## Record set
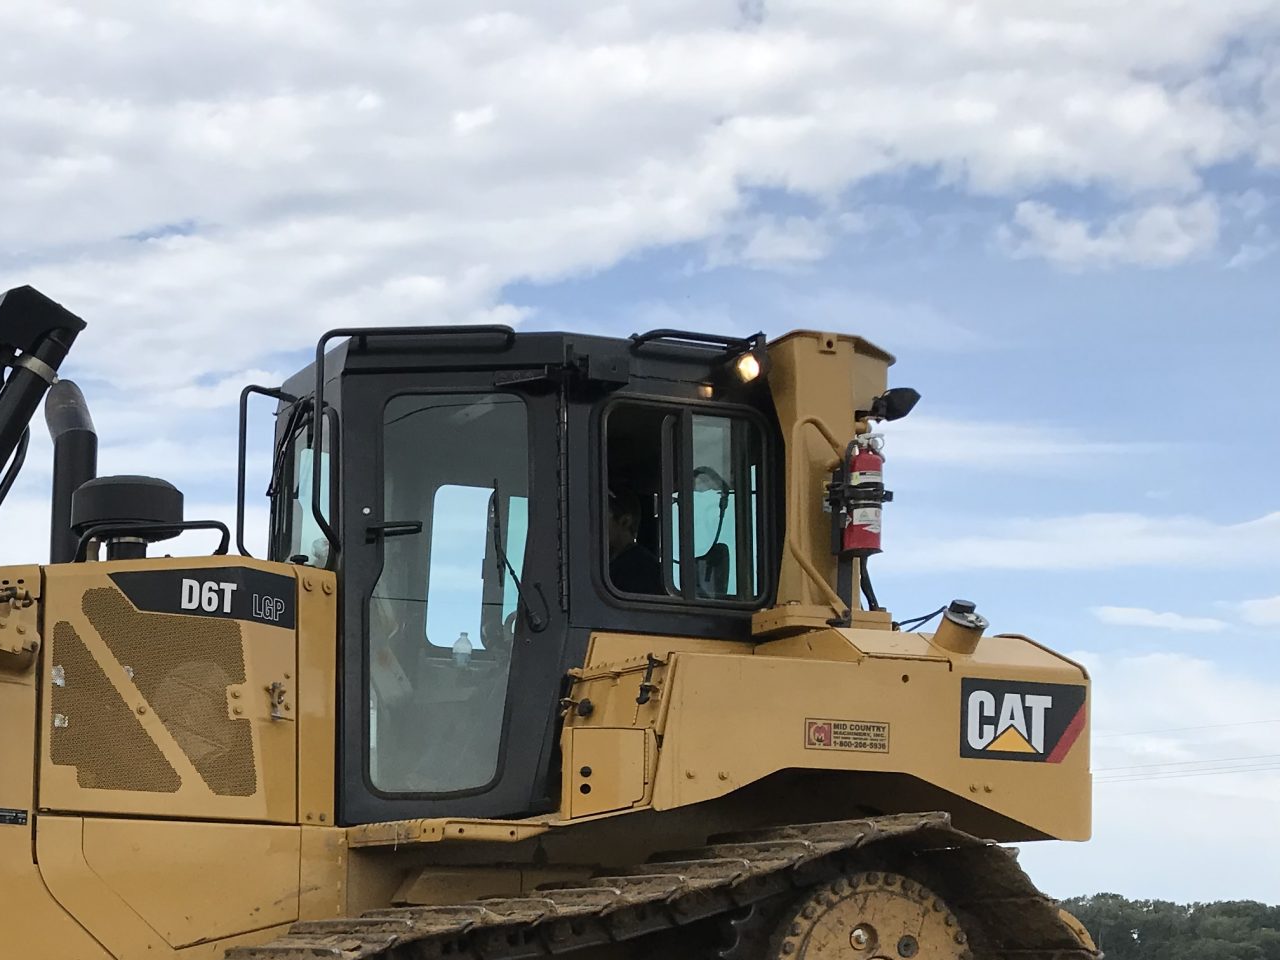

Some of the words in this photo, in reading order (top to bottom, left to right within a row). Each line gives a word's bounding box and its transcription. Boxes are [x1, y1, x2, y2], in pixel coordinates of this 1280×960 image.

[181, 578, 237, 613] D6T
[252, 594, 285, 622] LGP
[849, 724, 886, 732] COUNTRY
[967, 690, 1053, 754] CAT
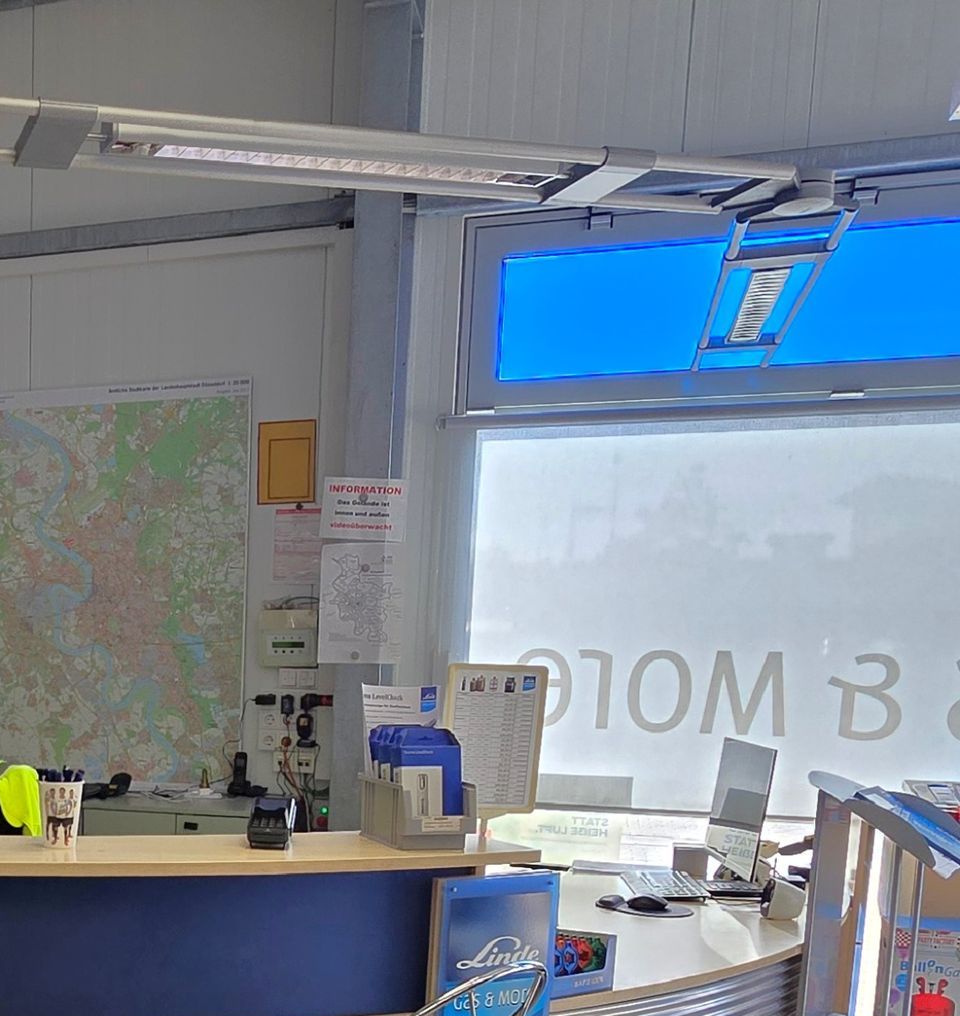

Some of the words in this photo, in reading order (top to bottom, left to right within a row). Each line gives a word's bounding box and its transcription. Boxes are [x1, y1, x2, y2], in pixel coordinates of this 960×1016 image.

[329, 484, 402, 495] INFORMATION
[330, 521, 392, 531] videoüberwacht
[456, 935, 539, 970] Linde
[484, 990, 494, 1009] &
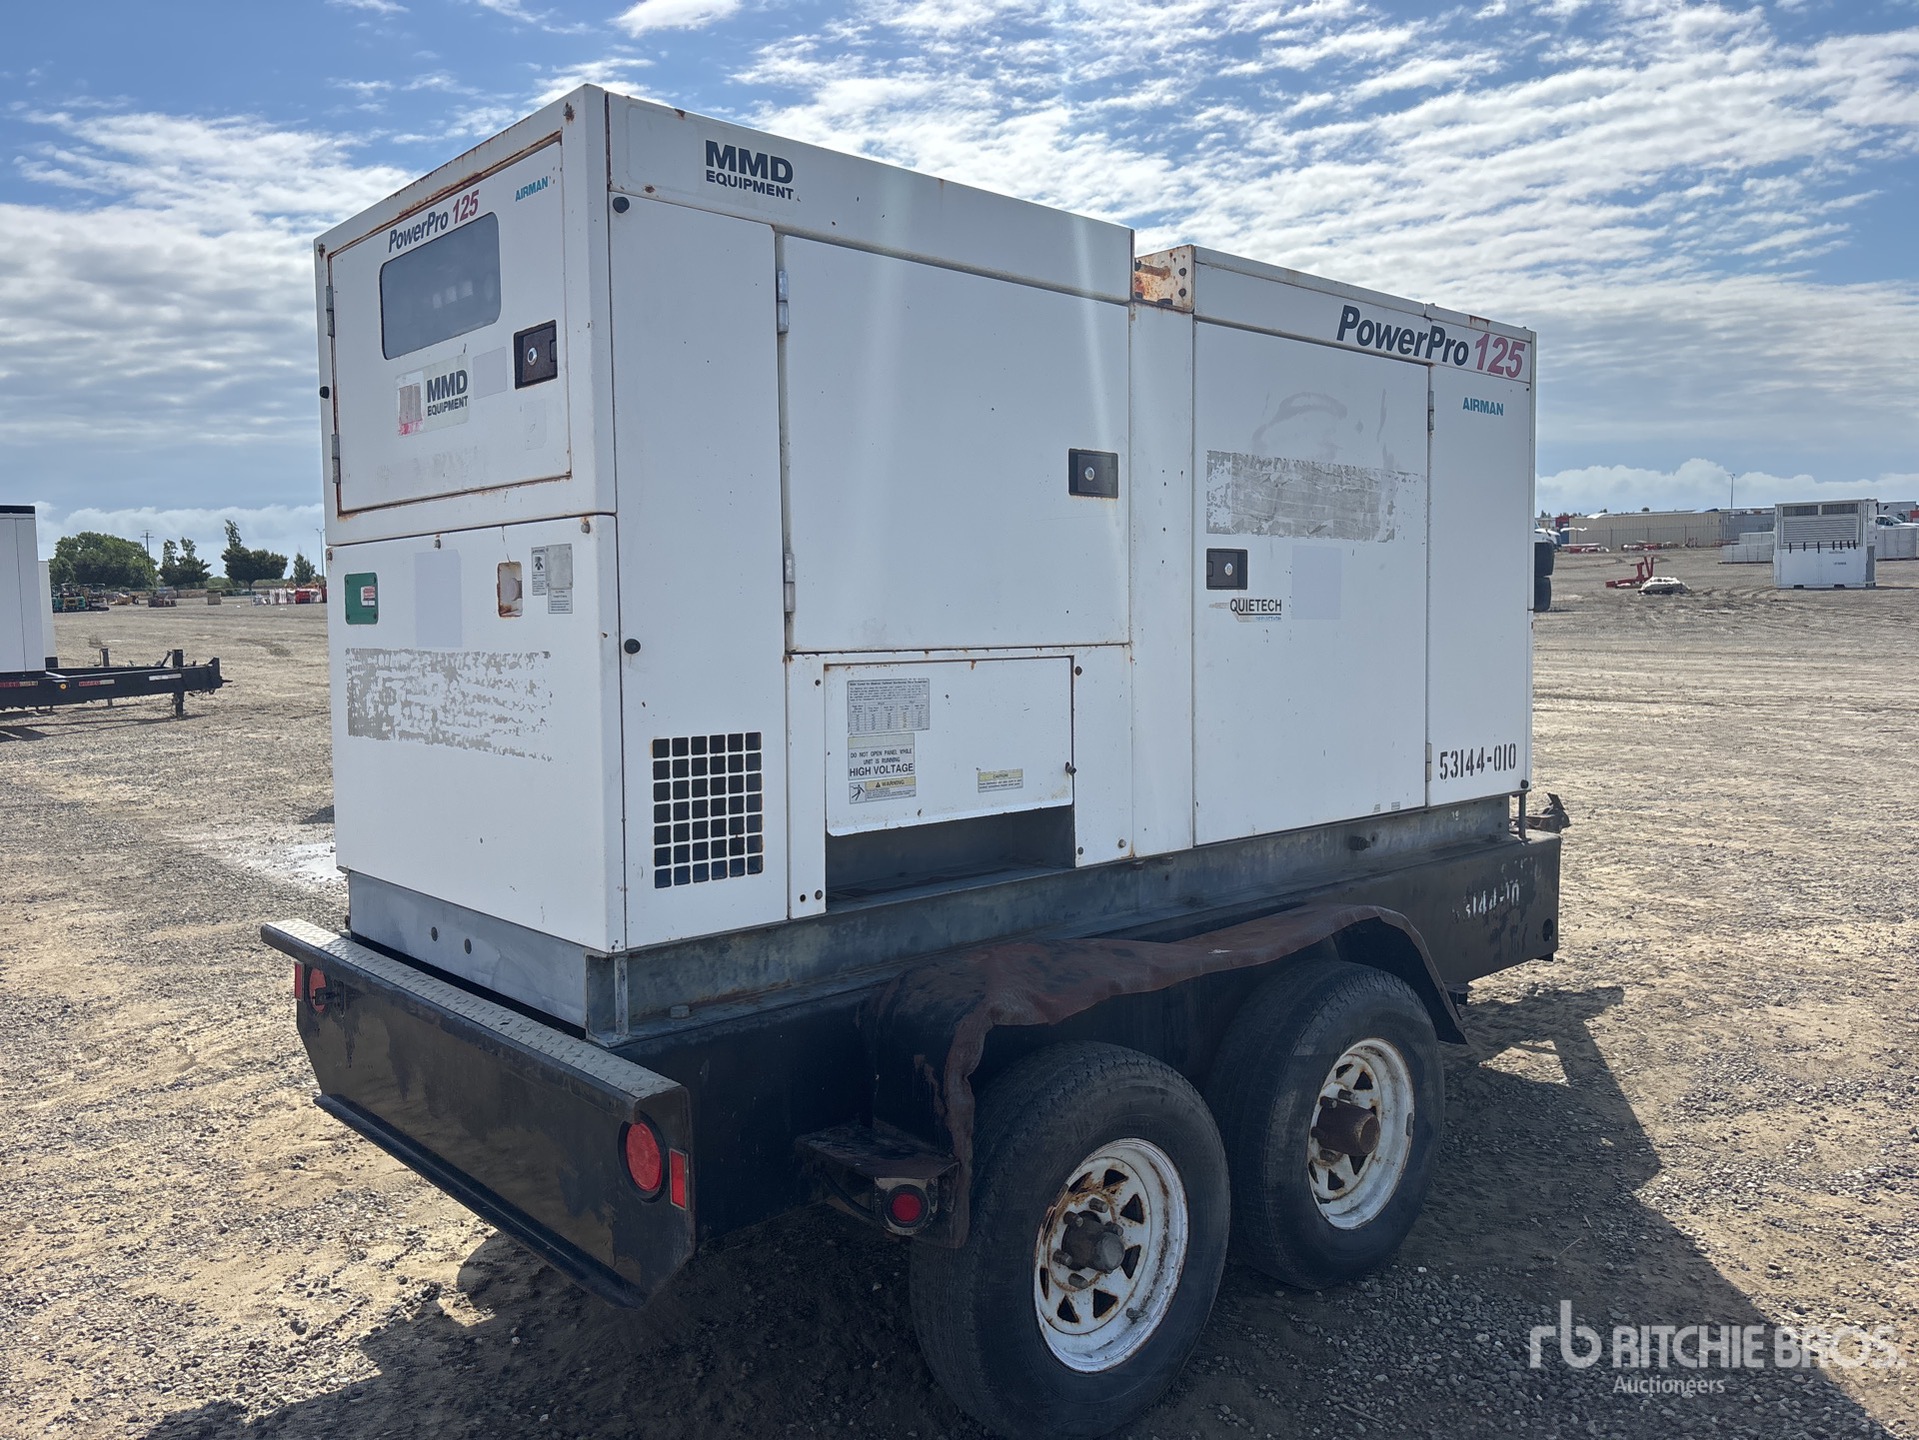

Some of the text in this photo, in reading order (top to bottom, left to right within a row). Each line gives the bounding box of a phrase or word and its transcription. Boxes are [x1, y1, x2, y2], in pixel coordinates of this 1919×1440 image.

[705, 139, 794, 184] MMD
[515, 176, 549, 202] AIRMAN
[705, 169, 795, 200] EQUIPMENT
[388, 189, 480, 253] PowerPro 125
[1336, 304, 1526, 379] PowerPro 125
[426, 369, 468, 403] MMD
[427, 395, 469, 417] EQUIPMENT
[1462, 397, 1504, 417] AIRMAN
[1230, 598, 1282, 613] QUIETECH
[849, 763, 914, 777] HIGH VOLTAGE
[1439, 742, 1517, 780] 53144-010

## Task brief
Leave the pictures out and return each entry exactly.

## Completed task
Some of the words in this photo, in reading order (top to bottom, left to right within a row). Each line gives a word's bounding box and its transcription. Boxes are [x1, y1, x2, y2], in pixel coordinates of this 1280×960 image.

[181, 578, 237, 613] D6T
[252, 594, 285, 622] LGP
[849, 724, 886, 732] COUNTRY
[967, 690, 1053, 754] CAT

Some of the words in this photo, in reading order (top to bottom, left to right within a row). Each line gives a word's bounding box and its transcription. Boxes are [x1, y1, x2, y2], in pixel coordinates of this 960×1016 image.

[329, 484, 402, 495] INFORMATION
[330, 521, 392, 531] videoüberwacht
[456, 935, 539, 970] Linde
[484, 990, 494, 1009] &

Some of the text in this photo, in reading order (top to bottom, left to right within a row). Each line gives the bounding box of a phrase or word and its transcription. Boxes are [x1, y1, x2, y2], in pixel coordinates of this 1919×1440 image.

[705, 139, 794, 184] MMD
[515, 176, 549, 202] AIRMAN
[705, 169, 795, 200] EQUIPMENT
[388, 189, 480, 253] PowerPro 125
[1336, 304, 1526, 379] PowerPro 125
[426, 369, 468, 403] MMD
[427, 395, 469, 417] EQUIPMENT
[1462, 397, 1504, 417] AIRMAN
[1230, 598, 1282, 613] QUIETECH
[849, 763, 914, 777] HIGH VOLTAGE
[1439, 742, 1517, 780] 53144-010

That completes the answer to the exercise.